In the pancreas, we showed that NNAT immunoreactive signals emerged in a few exocrine cells but not in insulin-positive cells in the middle stage of embryonic development, followed by signals in β-cells in the pancreatic islets in the late stage of embryonic development. In the postnatal pancreas, NNAT signals were localized in a few exocrine cells and the majority of β-cells. Millership et al.42 recently reported that the C-terminal hydrophilic domain of NNAT, located on the cytosolic side of the ER membrane, interacts with components of the signal peptidase complex to induce translocation of preproinsulin into the ER and to modulate insulin secretion in β-cells. Moreover, NNAT was shown to not be involved in Ca2+-mediated signaling using Nnat-null primary β-cells, suggesting that NNAT modulates insulin secretion at the stage of translocation of preproinsulin into the ER. However, the involvement of NNAT in secretion control may not be common to other endocrine tissues. In the pituitary gland, we observed that NNAT was present in stem/progenitor cells in the developing and developed pituitary but not in terminally differentiated hormone-producing cells.7 NNAT may have diverse roles in stem/progenitor cells and in terminally differentiated cells, even in such a relevant endocrine tissue. In addition, the roles of NNAT in insulin-negative cells of islet and exocrine cells and in subcellular organelles outside of the ER remain unclear.

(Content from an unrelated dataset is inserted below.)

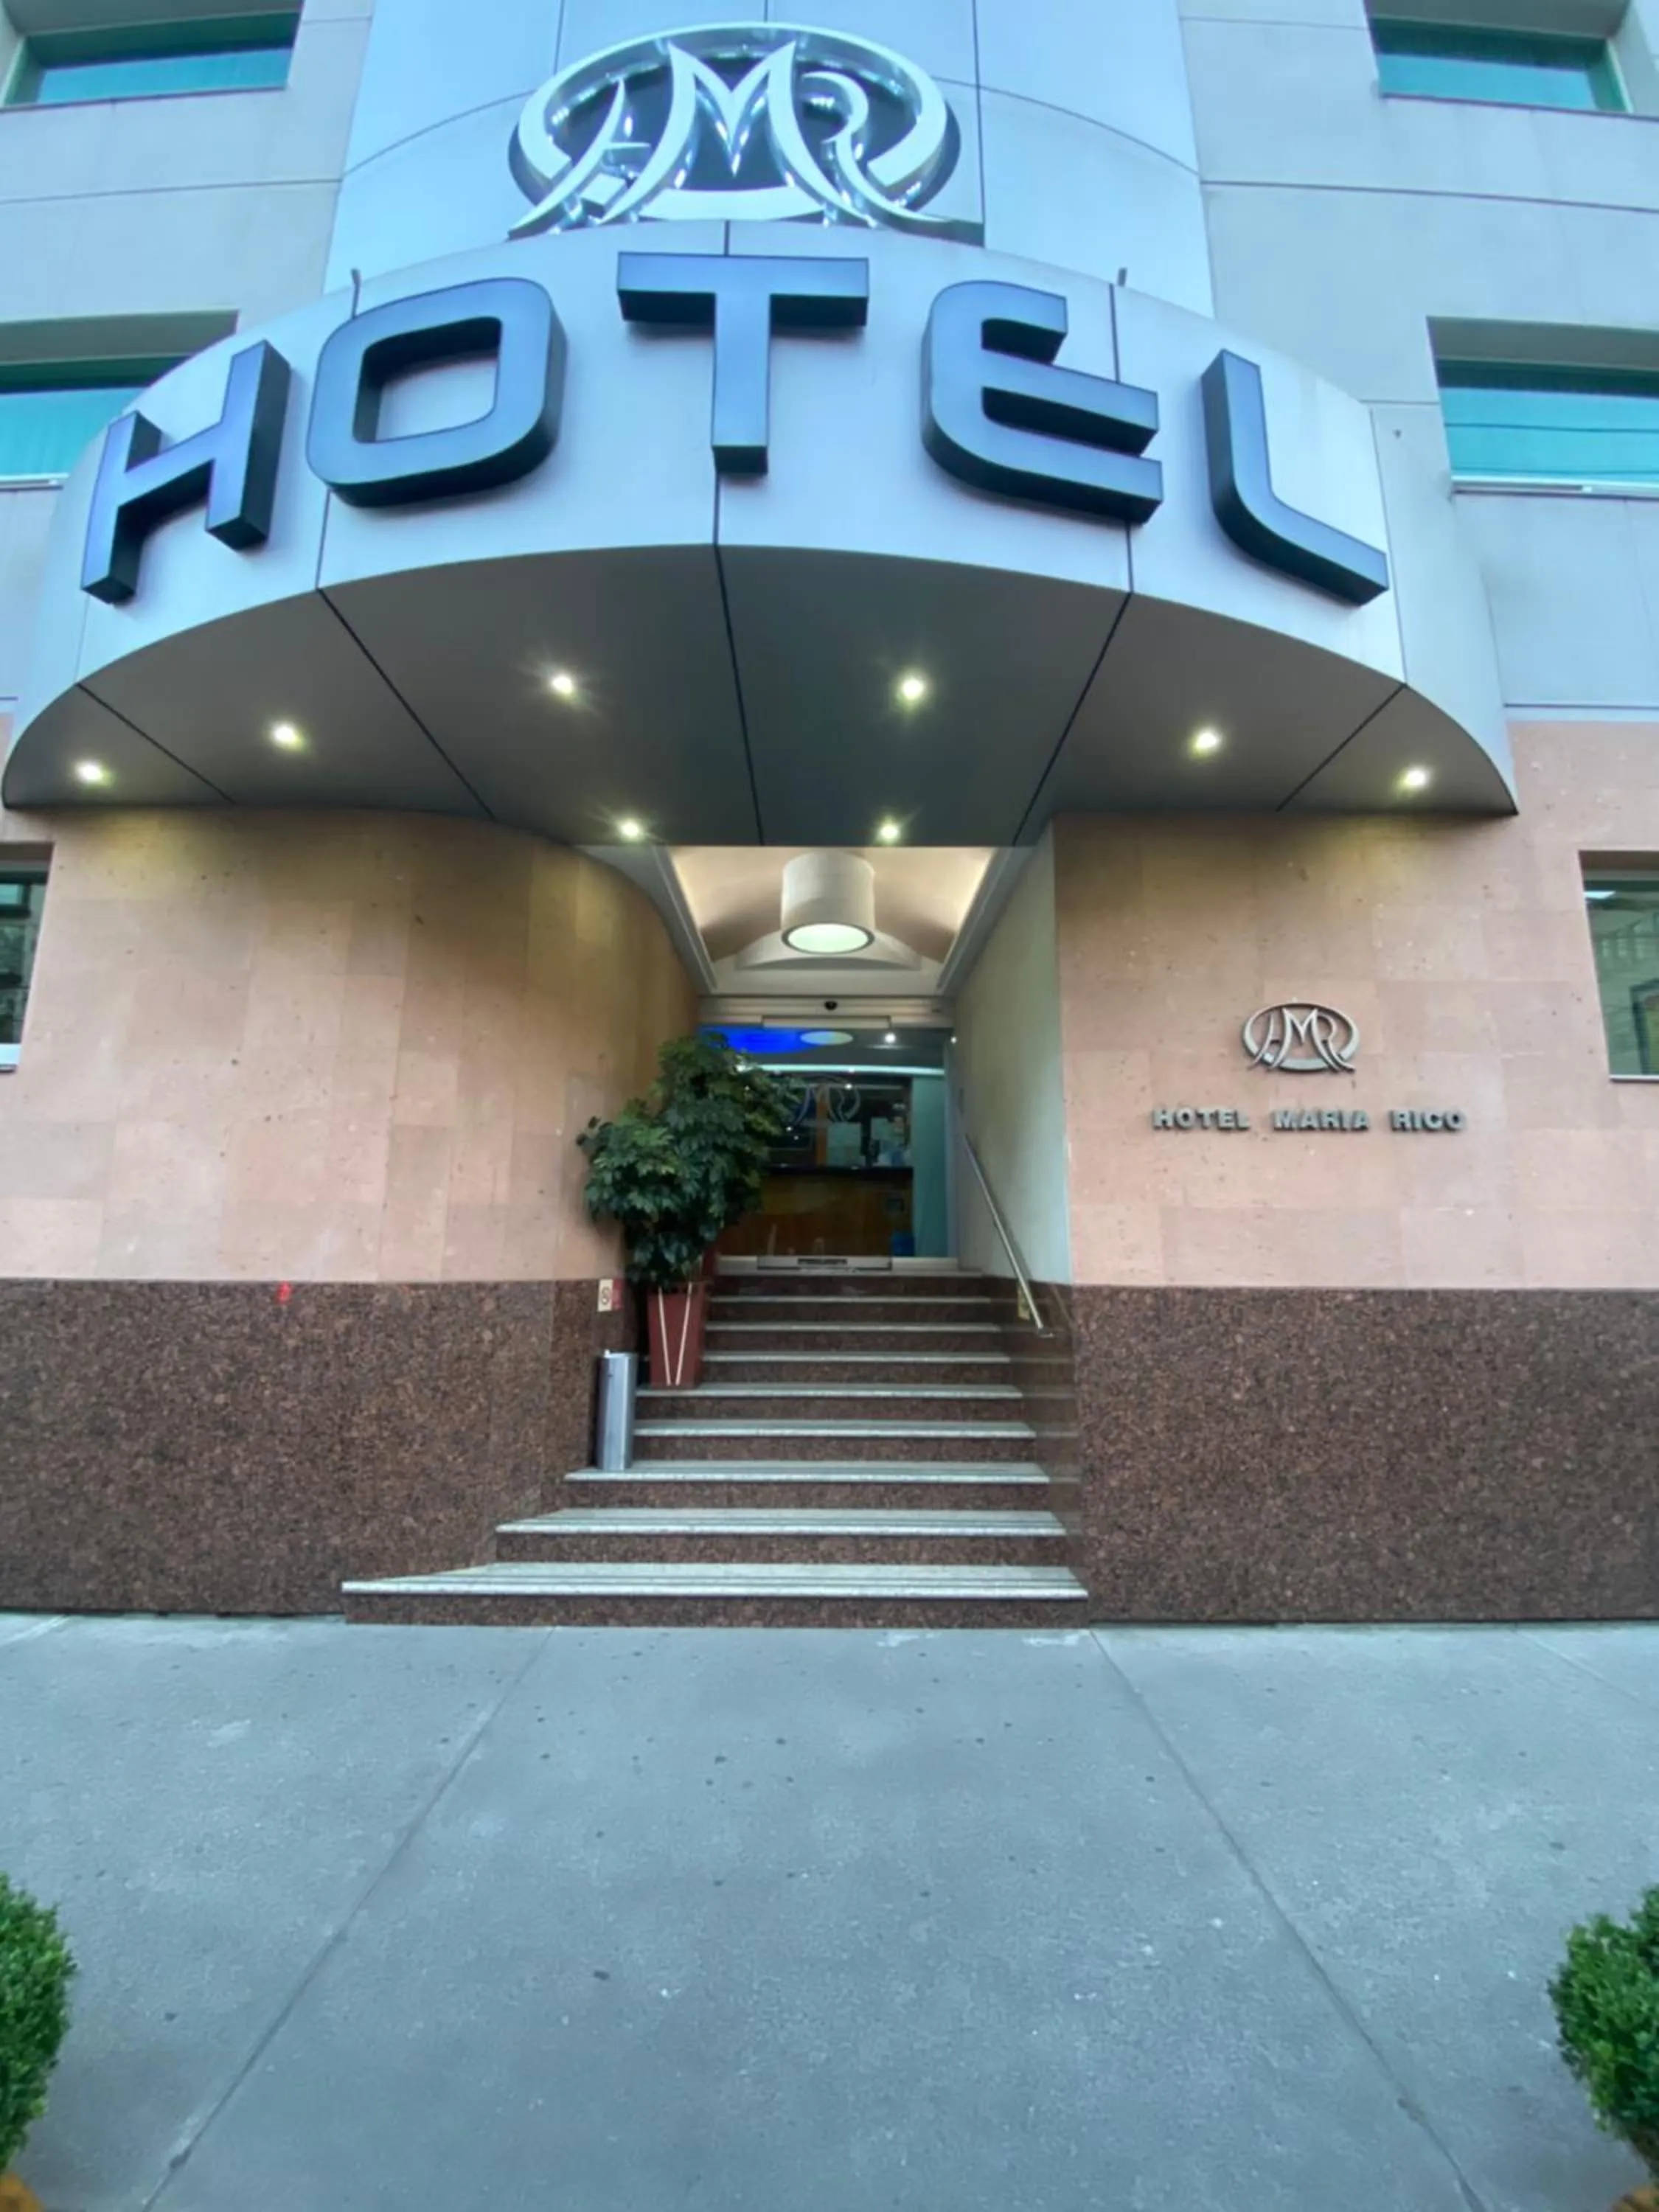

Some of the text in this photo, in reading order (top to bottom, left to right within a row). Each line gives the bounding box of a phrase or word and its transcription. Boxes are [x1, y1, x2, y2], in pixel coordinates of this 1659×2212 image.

In summary, our current findings showed that NNAT exhibited various localizations, suggesting diverse cell- or tissue-specific roles. NNAT functions beyond the germ layer and in the differentiating (tongue and testis) and terminally differentiated (pancreas, tongue, whisker hair follicle, and spermatozoa) cells. The observed subcellular localization of NNAT in the acrosome and inner root sheath provides important insights into the role of NNAT. Future studies are needed to identify molecules that interact with NNAT and explore the related molecular mechanisms.
Competing Interests
The author(s) declared no potential conflicts of interest with respect to the research, authorship, and/or publication of this article.
Author Contributions
All authors have contributed to this article as follows: TK and YK developed the study design, coordination, and manuscript drafting; NK and SY performed immunohistochemical and quantitative analyses; TK and YK provided study supervision, as well as critical manuscript revision; and all authors have read and approved the manuscript as submitted.
Funding
The author(s) disclosed receipt of the following financial support for the research, authorship, and/or publication of this article: This work was partially supported by JSPS KAKENHI grants (nos. 21380184 to Y.K. and 24580435 to T.K.), by the MEXT-Supported Program for the Strategic Research Foundation at Private Universities, 2014-2018, and by a research grant (A) to Y.K. from the Institute of Science and Technology, Meiji University. This study was supported by Meiji University International Institute for BioResource Research (MUIIR).
Acknowledgments
We wish to thank Dr. Hideji Yako and Dr. Masashi Higuchi for technical help and continuous support.